Parmi les plus belles récompenses
Une singularité qui leur vaudra la reconnaissance de tous. Avec une vision qui s’échappe des carcans architecturaux, l’agence apporte déjà à la fin du siècle dernier une vision contemporaine en faisant de chacun de ses projets une nouveauté et en offrant une totale émancipation par rapport à ses précédentes conceptions. « Nous avons toujours évité de développer un style. Nous cherchons plutôt un langage spécifique
à chaque lieu », précise régulièrement Jacques Herzog. Lauréats du Prix Pritzker en 2001, distinction suprême de la profession, les deux compères de toujours sont les premiers suisses à remporter ce Nobel de l’architecture. A l’époque, le jury loue leurs traitements et leurs techniques novateurs des matériaux et des surfaces. Le RIBA Royal Gold Medal en 2007 et le Praemium Imperiale en 2007, viendront élargir leur palmarès et asseoir leur notoriété.

A l’image plus tard de l’Elbphilharmonie, construit à Hambourg et livré en 2017, ouvrage qui mettra en évidence le contraste de matières qui caractérise le travail d’Herzog & de Meuron et qui témoigne du retour de l’ornement en architecture. Une technique décriée et oubliée qui aura cependant fortement contribué à la réputation du duo bâlois. Une renommée qui traverse aussi les continents puisque leur talent sera demandé jusqu’aux États-Unis, pour l’extension du Walker Art Center de Minneapolis ou encore le Perez Art Museum mais surtout pour le 56, Leonard Street à New-York. Immense tour de 243 mètres, ses 57 étages d’appartements sont empilés et conçus comme uniques grâce à des variations d’angles, telle une accumulation de pixels. Au cœur d’une ville faite de tours toutes identiques, les deux architectes suisses réussissent alors à innover.
Dès 1994, ils sont invités en tant que professeurs à l’Université de Harvard et titulaires d’une chaire à l’ETH de Zurich, où ils créent le ETH Studio Basel, institut pour la ville contemporaine. Aujourd’hui à la tête d’une agence employant des centaines d’employés et disposant d’antennes aux quatre coins du globe, les deux bâlois font figure d’exemple dans la profession.

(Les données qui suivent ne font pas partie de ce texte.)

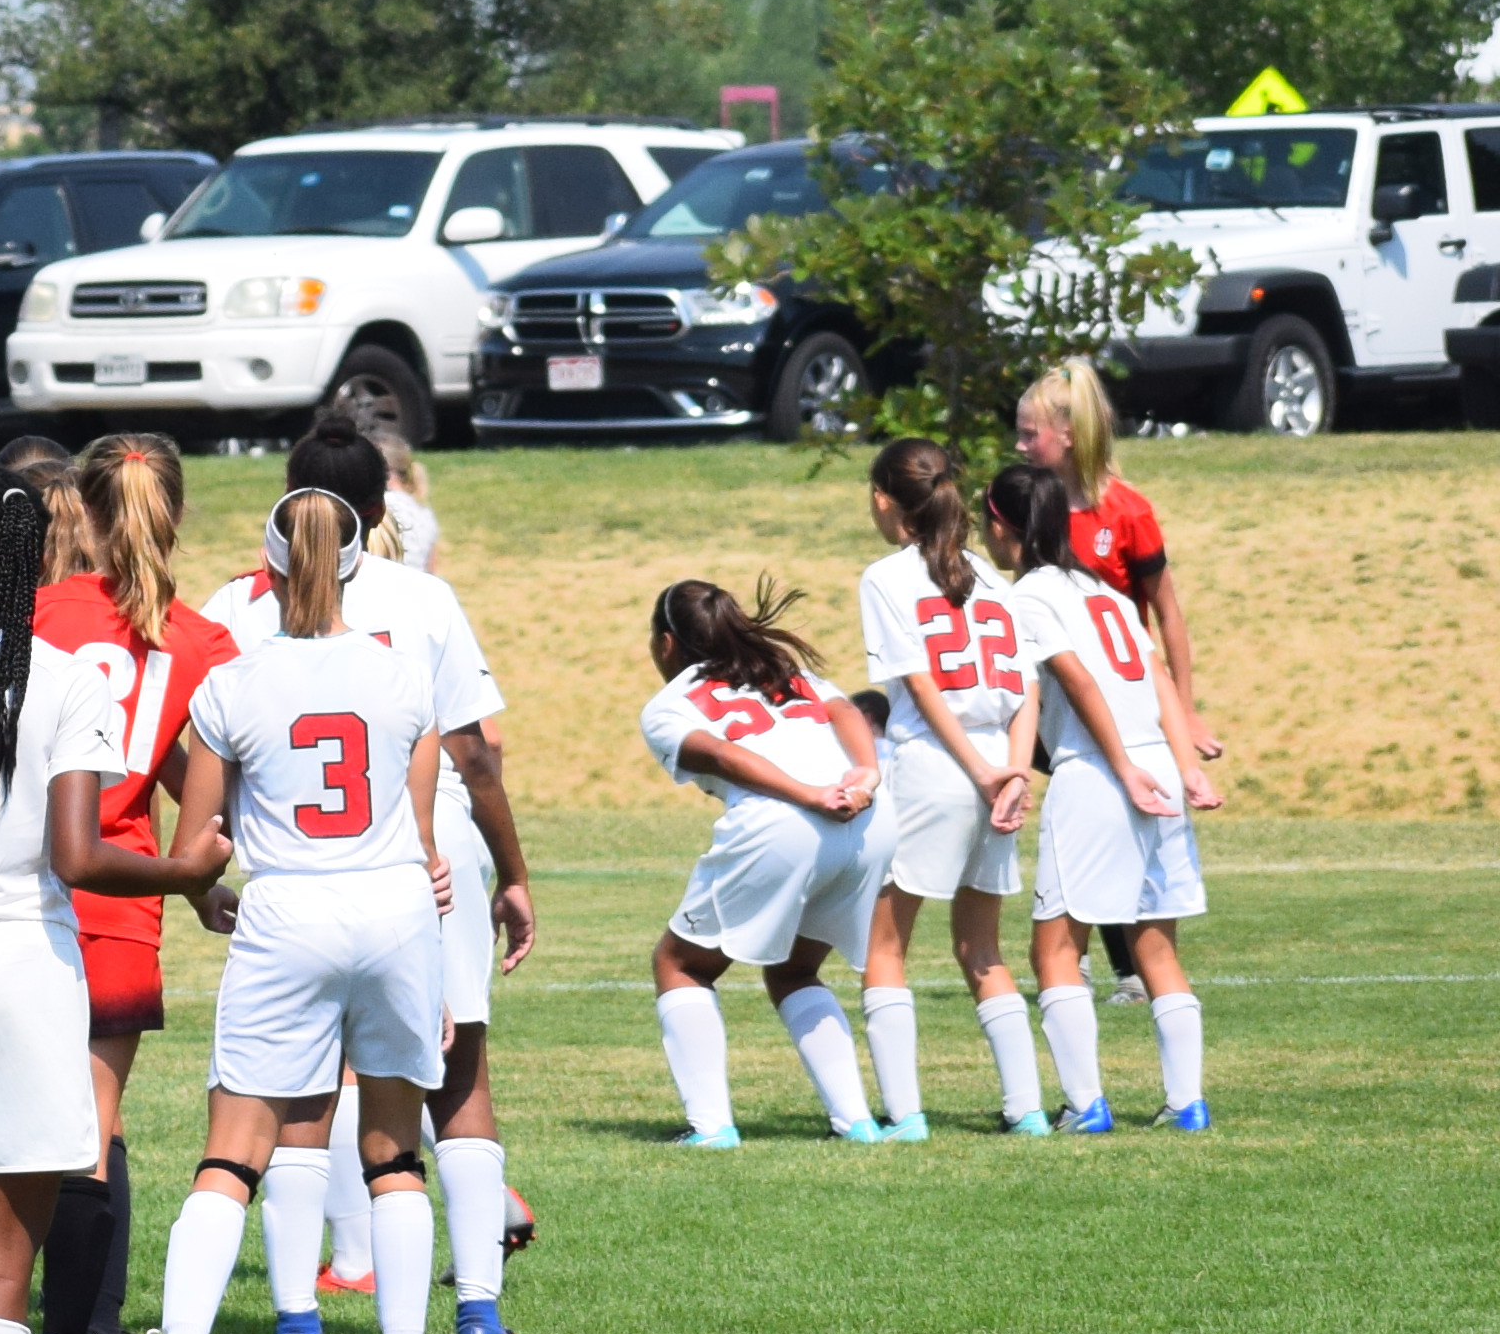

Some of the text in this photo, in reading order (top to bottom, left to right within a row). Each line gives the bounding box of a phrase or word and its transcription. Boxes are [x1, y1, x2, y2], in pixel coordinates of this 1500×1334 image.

Une réputation toujours aussi solide
En Suisse, la région bâloise réunit un grand nombre de leurs réalisations et témoigne de cette reconnaissance: le stade Saint-Jacques, un laboratoire pour Novartis, un autre pour Roche, le Schaulager à Münchenstein et un lieu d’exposition conçu comme un entrepôt d’art. Outre la deuxième tour Roche, Herzog & de Meuron se sont d’ailleurs illustrés plus récemment en 2017, pour la construction du nouveau siège à Bellevue (Genève) du groupe Lombard Odier. Désignés à l’unanimité lauréats du concours, « ils ont imaginé un bâtiment d’avant-garde, symbole de la banque de demain », avait souligné le commanditaire à l’époque. Plus détonnant encore, les deux hommes ont pensé une œuvre au sommet du Titlis, dans les Alpes uranaises. La station qui ressemble à un glaçon plat poussant hors de la montagne est un projet devisé à 100 millions de francs. Du jamais vu.
Preuve, s’il en fallait une, que les deux amis d’enfance ont imposé non pas un style mais une marque de fabrique, celle de l’inventivité sans jamais se répéter, et ce, jusque dans des lieux insolites. Le prochain coup de maître ? Les travaux de la Tour Triangle à Paris qui ont démarré en février. Ce projet de gratte-ciel, premier du genre depuis la Tour Montparnasse, sur le site de la porte de Versailles avait été d’abord lancé en 2011, rejeté en 2014 puis relancé en 2015 mais suscite toujours autant la polémique. Du haut de ses 180 mètres, ce chantier monumental à la hauteur de ces deux grands architectes devrait prendre fin début 2026.